Each entry below must appear in the answer exactly as written.
** Data for this exercise follows **
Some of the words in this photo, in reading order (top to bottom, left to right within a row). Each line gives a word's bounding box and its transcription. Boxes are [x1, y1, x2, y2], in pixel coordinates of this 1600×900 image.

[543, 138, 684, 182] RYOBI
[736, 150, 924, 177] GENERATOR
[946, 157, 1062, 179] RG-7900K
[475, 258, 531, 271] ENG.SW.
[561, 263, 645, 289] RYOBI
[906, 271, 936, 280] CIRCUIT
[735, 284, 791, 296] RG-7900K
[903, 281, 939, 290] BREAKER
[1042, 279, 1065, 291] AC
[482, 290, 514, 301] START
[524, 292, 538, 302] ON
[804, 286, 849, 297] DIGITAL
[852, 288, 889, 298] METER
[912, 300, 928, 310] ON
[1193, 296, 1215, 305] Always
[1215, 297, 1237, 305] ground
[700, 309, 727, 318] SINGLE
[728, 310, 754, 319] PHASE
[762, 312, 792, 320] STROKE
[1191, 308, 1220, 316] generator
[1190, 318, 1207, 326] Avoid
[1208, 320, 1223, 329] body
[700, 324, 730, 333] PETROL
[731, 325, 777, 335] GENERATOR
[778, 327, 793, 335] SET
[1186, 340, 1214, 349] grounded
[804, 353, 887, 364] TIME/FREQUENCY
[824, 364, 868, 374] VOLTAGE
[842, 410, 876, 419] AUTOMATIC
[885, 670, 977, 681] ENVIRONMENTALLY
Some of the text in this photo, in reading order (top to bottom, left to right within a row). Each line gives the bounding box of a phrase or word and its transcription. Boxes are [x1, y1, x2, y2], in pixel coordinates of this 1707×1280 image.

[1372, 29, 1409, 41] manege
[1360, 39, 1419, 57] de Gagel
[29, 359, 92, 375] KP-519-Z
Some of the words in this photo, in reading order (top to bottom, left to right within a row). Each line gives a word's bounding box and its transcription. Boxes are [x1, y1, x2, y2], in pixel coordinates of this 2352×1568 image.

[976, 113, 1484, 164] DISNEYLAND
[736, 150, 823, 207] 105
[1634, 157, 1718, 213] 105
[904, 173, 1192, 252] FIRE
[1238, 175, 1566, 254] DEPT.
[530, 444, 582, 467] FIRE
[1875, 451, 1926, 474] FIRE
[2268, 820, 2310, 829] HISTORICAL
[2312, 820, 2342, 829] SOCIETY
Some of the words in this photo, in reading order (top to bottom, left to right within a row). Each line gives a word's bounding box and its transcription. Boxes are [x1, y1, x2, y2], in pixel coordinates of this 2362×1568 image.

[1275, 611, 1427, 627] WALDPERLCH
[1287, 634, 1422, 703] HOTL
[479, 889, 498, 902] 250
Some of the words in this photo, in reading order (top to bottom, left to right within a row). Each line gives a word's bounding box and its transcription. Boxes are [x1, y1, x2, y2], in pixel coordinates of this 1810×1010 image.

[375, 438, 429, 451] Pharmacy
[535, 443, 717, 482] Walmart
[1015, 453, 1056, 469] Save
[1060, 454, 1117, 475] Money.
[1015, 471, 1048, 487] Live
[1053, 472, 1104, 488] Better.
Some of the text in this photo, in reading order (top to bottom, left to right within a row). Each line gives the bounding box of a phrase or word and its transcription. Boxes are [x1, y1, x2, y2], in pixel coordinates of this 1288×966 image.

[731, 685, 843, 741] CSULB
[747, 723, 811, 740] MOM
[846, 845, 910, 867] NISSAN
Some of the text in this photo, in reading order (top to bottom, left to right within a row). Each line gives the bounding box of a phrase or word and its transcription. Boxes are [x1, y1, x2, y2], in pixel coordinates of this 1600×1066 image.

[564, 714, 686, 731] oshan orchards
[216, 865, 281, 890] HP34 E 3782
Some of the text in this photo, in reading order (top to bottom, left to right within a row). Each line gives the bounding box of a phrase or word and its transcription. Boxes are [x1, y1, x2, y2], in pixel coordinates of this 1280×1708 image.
** End of Data for this exercise **
## Exercise response:
Some of the words in this photo, in reading order (top to bottom, left to right within a row). Each line gives a word's bounding box and its transcription. Boxes are [x1, y1, x2, y2], in pixel coordinates of this 1600×900 image.

[543, 138, 684, 182] RYOBI
[736, 150, 924, 177] GENERATOR
[946, 157, 1062, 179] RG-7900K
[475, 258, 531, 271] ENG.SW.
[561, 263, 645, 289] RYOBI
[906, 271, 936, 280] CIRCUIT
[735, 284, 791, 296] RG-7900K
[903, 281, 939, 290] BREAKER
[1042, 279, 1065, 291] AC
[482, 290, 514, 301] START
[524, 292, 538, 302] ON
[804, 286, 849, 297] DIGITAL
[852, 288, 889, 298] METER
[912, 300, 928, 310] ON
[1193, 296, 1215, 305] Always
[1215, 297, 1237, 305] ground
[700, 309, 727, 318] SINGLE
[728, 310, 754, 319] PHASE
[762, 312, 792, 320] STROKE
[1191, 308, 1220, 316] generator
[1190, 318, 1207, 326] Avoid
[1208, 320, 1223, 329] body
[700, 324, 730, 333] PETROL
[731, 325, 777, 335] GENERATOR
[778, 327, 793, 335] SET
[1186, 340, 1214, 349] grounded
[804, 353, 887, 364] TIME/FREQUENCY
[824, 364, 868, 374] VOLTAGE
[842, 410, 876, 419] AUTOMATIC
[885, 670, 977, 681] ENVIRONMENTALLY
Some of the text in this photo, in reading order (top to bottom, left to right within a row). Each line gives the bounding box of a phrase or word and its transcription. Boxes are [x1, y1, x2, y2], in pixel coordinates of this 1707×1280 image.

[1372, 29, 1409, 41] manege
[1360, 39, 1419, 57] de Gagel
[29, 359, 92, 375] KP-519-Z
Some of the words in this photo, in reading order (top to bottom, left to right within a row). Each line gives a word's bounding box and its transcription. Boxes are [x1, y1, x2, y2], in pixel coordinates of this 2352×1568 image.

[976, 113, 1484, 164] DISNEYLAND
[736, 150, 823, 207] 105
[1634, 157, 1718, 213] 105
[904, 173, 1192, 252] FIRE
[1238, 175, 1566, 254] DEPT.
[530, 444, 582, 467] FIRE
[1875, 451, 1926, 474] FIRE
[2268, 820, 2310, 829] HISTORICAL
[2312, 820, 2342, 829] SOCIETY
Some of the words in this photo, in reading order (top to bottom, left to right within a row). Each line gives a word's bounding box and its transcription. Boxes are [x1, y1, x2, y2], in pixel coordinates of this 2362×1568 image.

[1275, 611, 1427, 627] WALDPERLCH
[1287, 634, 1422, 703] HOTL
[479, 889, 498, 902] 250
Some of the words in this photo, in reading order (top to bottom, left to right within a row). Each line gives a word's bounding box and its transcription. Boxes are [x1, y1, x2, y2], in pixel coordinates of this 1810×1010 image.

[375, 438, 429, 451] Pharmacy
[535, 443, 717, 482] Walmart
[1015, 453, 1056, 469] Save
[1060, 454, 1117, 475] Money.
[1015, 471, 1048, 487] Live
[1053, 472, 1104, 488] Better.
Some of the text in this photo, in reading order (top to bottom, left to right within a row). Each line gives the bounding box of a phrase or word and its transcription. Boxes are [x1, y1, x2, y2], in pixel coordinates of this 1288×966 image.

[731, 685, 843, 741] CSULB
[747, 723, 811, 740] MOM
[846, 845, 910, 867] NISSAN
Some of the text in this photo, in reading order (top to bottom, left to right within a row). Each line gives the bounding box of a phrase or word and its transcription. Boxes are [x1, y1, x2, y2], in pixel coordinates of this 1600×1066 image.

[564, 714, 686, 731] oshan orchards
[216, 865, 281, 890] HP34 E 3782
Some of the text in this photo, in reading order (top to bottom, left to right within a row). Each line gives the bounding box of a phrase or word and its transcription. Boxes are [x1, y1, x2, y2], in pixel coordinates of this 1280×1708 image.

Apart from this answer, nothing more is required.